▶ _YOUR OBJECTIVE_:
Repeat all entries exactly.

[Stored dataset items]

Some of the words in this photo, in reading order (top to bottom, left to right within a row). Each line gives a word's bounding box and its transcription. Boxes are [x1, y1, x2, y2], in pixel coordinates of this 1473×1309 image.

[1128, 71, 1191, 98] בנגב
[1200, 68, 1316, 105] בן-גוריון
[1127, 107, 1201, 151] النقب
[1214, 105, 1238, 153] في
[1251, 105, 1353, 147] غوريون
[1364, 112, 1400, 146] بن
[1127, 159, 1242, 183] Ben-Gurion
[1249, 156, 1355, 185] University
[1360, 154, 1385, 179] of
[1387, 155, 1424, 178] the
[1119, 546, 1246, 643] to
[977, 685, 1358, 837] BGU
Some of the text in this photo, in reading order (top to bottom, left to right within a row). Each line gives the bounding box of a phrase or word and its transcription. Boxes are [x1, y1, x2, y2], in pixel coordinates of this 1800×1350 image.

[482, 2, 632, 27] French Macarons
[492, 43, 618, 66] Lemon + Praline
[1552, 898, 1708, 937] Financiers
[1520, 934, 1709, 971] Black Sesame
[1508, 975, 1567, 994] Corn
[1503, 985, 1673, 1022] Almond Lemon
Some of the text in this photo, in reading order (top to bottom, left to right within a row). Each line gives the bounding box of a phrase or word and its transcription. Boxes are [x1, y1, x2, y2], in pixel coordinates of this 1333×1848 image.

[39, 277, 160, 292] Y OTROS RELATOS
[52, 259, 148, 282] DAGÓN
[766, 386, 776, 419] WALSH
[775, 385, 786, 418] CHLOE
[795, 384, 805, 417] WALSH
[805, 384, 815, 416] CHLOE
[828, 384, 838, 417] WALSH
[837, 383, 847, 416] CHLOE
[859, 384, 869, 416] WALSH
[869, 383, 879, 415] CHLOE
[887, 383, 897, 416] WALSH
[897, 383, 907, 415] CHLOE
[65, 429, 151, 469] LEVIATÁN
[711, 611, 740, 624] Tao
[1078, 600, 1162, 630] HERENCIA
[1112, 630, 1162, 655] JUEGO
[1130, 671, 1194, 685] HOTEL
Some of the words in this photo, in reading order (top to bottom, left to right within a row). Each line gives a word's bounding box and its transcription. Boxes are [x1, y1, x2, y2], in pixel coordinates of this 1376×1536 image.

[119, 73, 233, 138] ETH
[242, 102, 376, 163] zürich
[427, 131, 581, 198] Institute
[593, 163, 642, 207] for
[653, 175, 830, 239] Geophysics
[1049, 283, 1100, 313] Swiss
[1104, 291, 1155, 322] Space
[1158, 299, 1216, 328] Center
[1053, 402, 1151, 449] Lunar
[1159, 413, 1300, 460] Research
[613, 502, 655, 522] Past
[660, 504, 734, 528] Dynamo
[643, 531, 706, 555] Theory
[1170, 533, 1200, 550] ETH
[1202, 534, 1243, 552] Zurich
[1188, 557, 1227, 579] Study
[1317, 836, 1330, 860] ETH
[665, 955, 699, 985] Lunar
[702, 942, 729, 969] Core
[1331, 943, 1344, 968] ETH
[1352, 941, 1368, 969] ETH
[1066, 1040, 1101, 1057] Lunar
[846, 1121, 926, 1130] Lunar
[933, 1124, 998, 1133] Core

▶ _ANSWER BOX_:
Some of the words in this photo, in reading order (top to bottom, left to right within a row). Each line gives a word's bounding box and its transcription. Boxes are [x1, y1, x2, y2], in pixel coordinates of this 1473×1309 image.

[1128, 71, 1191, 98] בנגב
[1200, 68, 1316, 105] בן-גוריון
[1127, 107, 1201, 151] النقب
[1214, 105, 1238, 153] في
[1251, 105, 1353, 147] غوريون
[1364, 112, 1400, 146] بن
[1127, 159, 1242, 183] Ben-Gurion
[1249, 156, 1355, 185] University
[1360, 154, 1385, 179] of
[1387, 155, 1424, 178] the
[1119, 546, 1246, 643] to
[977, 685, 1358, 837] BGU
Some of the text in this photo, in reading order (top to bottom, left to right within a row). Each line gives the bounding box of a phrase or word and its transcription. Boxes are [x1, y1, x2, y2], in pixel coordinates of this 1800×1350 image.

[482, 2, 632, 27] French Macarons
[492, 43, 618, 66] Lemon + Praline
[1552, 898, 1708, 937] Financiers
[1520, 934, 1709, 971] Black Sesame
[1508, 975, 1567, 994] Corn
[1503, 985, 1673, 1022] Almond Lemon
Some of the text in this photo, in reading order (top to bottom, left to right within a row). Each line gives the bounding box of a phrase or word and its transcription. Boxes are [x1, y1, x2, y2], in pixel coordinates of this 1333×1848 image.

[39, 277, 160, 292] Y OTROS RELATOS
[52, 259, 148, 282] DAGÓN
[766, 386, 776, 419] WALSH
[775, 385, 786, 418] CHLOE
[795, 384, 805, 417] WALSH
[805, 384, 815, 416] CHLOE
[828, 384, 838, 417] WALSH
[837, 383, 847, 416] CHLOE
[859, 384, 869, 416] WALSH
[869, 383, 879, 415] CHLOE
[887, 383, 897, 416] WALSH
[897, 383, 907, 415] CHLOE
[65, 429, 151, 469] LEVIATÁN
[711, 611, 740, 624] Tao
[1078, 600, 1162, 630] HERENCIA
[1112, 630, 1162, 655] JUEGO
[1130, 671, 1194, 685] HOTEL
Some of the words in this photo, in reading order (top to bottom, left to right within a row). Each line gives a word's bounding box and its transcription. Boxes are [x1, y1, x2, y2], in pixel coordinates of this 1376×1536 image.

[119, 73, 233, 138] ETH
[242, 102, 376, 163] zürich
[427, 131, 581, 198] Institute
[593, 163, 642, 207] for
[653, 175, 830, 239] Geophysics
[1049, 283, 1100, 313] Swiss
[1104, 291, 1155, 322] Space
[1158, 299, 1216, 328] Center
[1053, 402, 1151, 449] Lunar
[1159, 413, 1300, 460] Research
[613, 502, 655, 522] Past
[660, 504, 734, 528] Dynamo
[643, 531, 706, 555] Theory
[1170, 533, 1200, 550] ETH
[1202, 534, 1243, 552] Zurich
[1188, 557, 1227, 579] Study
[1317, 836, 1330, 860] ETH
[665, 955, 699, 985] Lunar
[702, 942, 729, 969] Core
[1331, 943, 1344, 968] ETH
[1352, 941, 1368, 969] ETH
[1066, 1040, 1101, 1057] Lunar
[846, 1121, 926, 1130] Lunar
[933, 1124, 998, 1133] Core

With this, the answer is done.